[Spatial localization data]
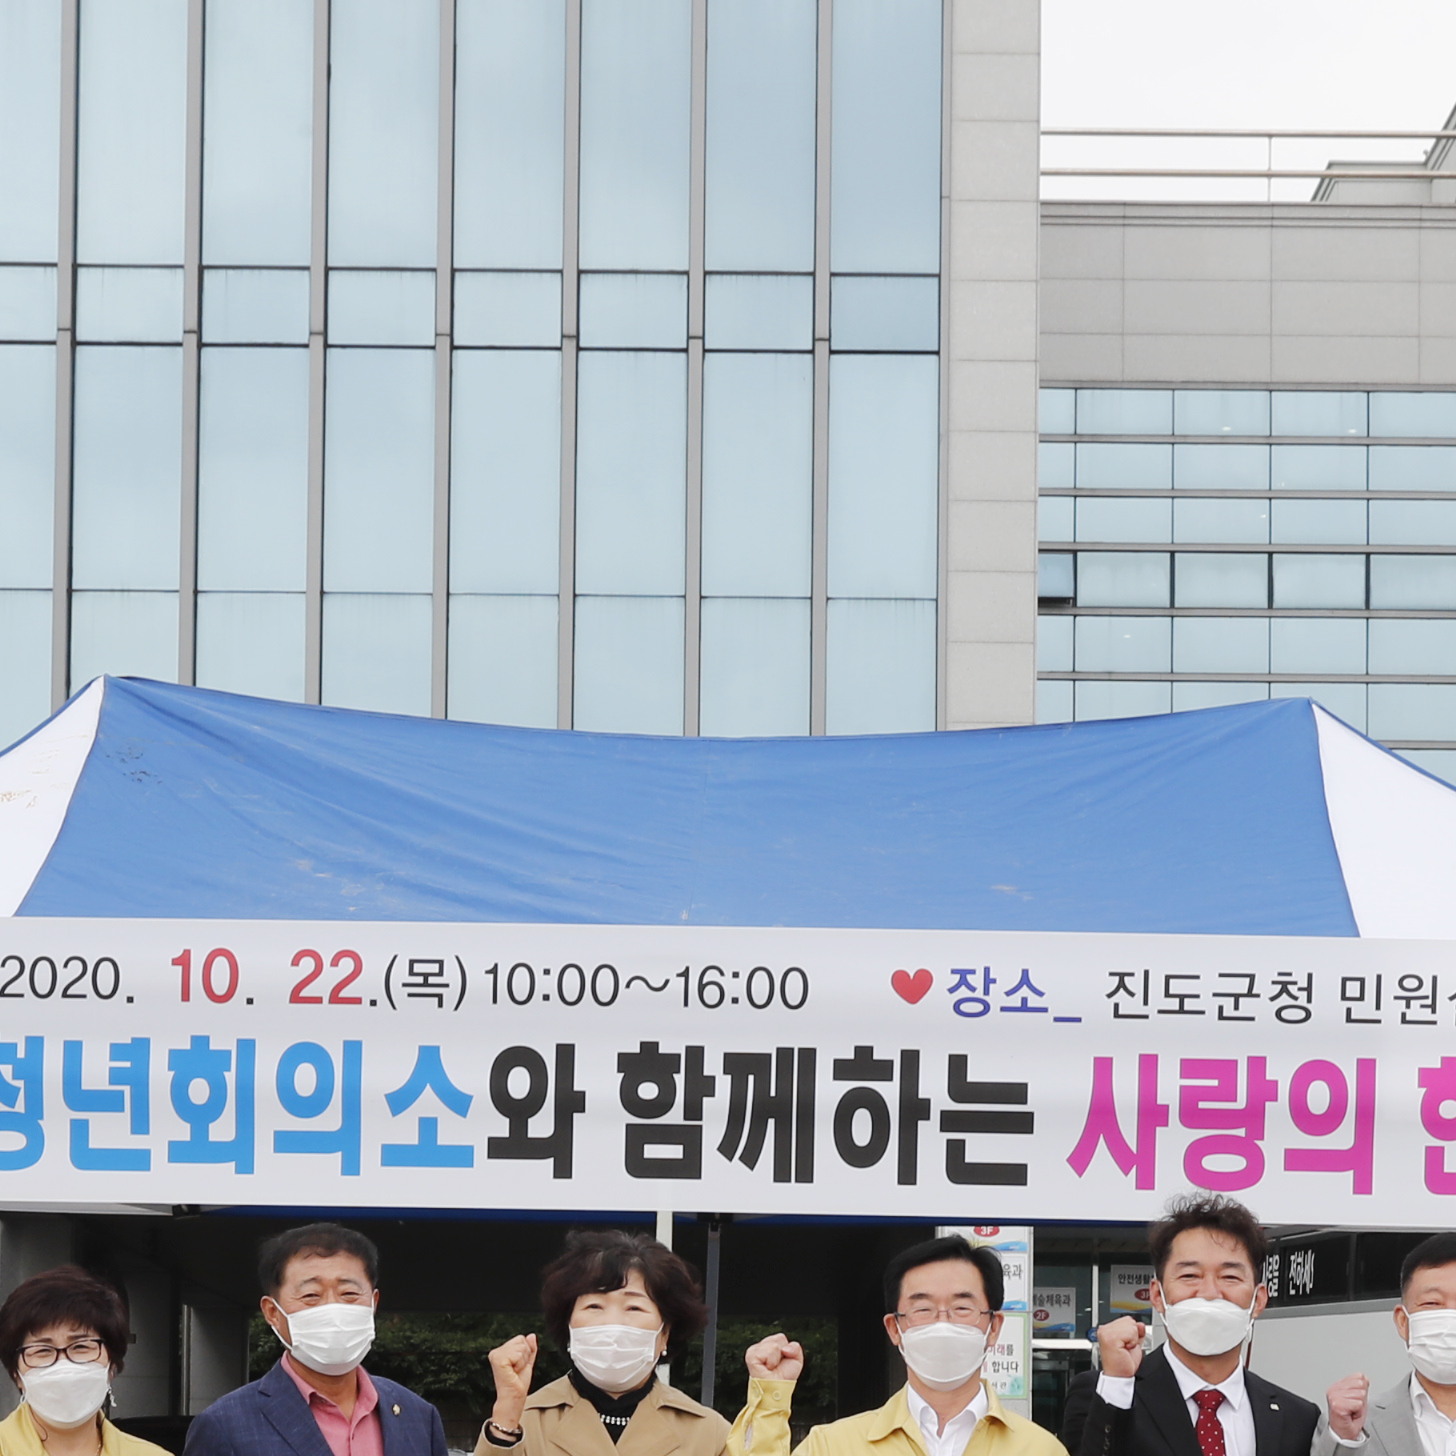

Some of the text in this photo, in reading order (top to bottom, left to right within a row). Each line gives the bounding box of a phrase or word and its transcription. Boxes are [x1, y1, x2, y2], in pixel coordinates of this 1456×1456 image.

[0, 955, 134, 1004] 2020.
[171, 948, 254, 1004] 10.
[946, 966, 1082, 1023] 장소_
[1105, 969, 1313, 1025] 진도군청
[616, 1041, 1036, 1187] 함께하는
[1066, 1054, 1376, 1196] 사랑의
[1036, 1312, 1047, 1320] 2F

■ **Problem to solve**
Each record should be written out again exactly, though without its pictures.

■ **Reply**
Some of the text in this photo, in reading order (top to bottom, left to right within a row). Each line gives the bounding box of a phrase or word and its transcription. Boxes are [x1, y1, x2, y2], in pixel coordinates of this 1456×1456 image.

[0, 955, 134, 1004] 2020.
[171, 948, 254, 1004] 10.
[946, 966, 1082, 1023] 장소_
[1105, 969, 1313, 1025] 진도군청
[616, 1041, 1036, 1187] 함께하는
[1066, 1054, 1376, 1196] 사랑의
[1036, 1312, 1047, 1320] 2F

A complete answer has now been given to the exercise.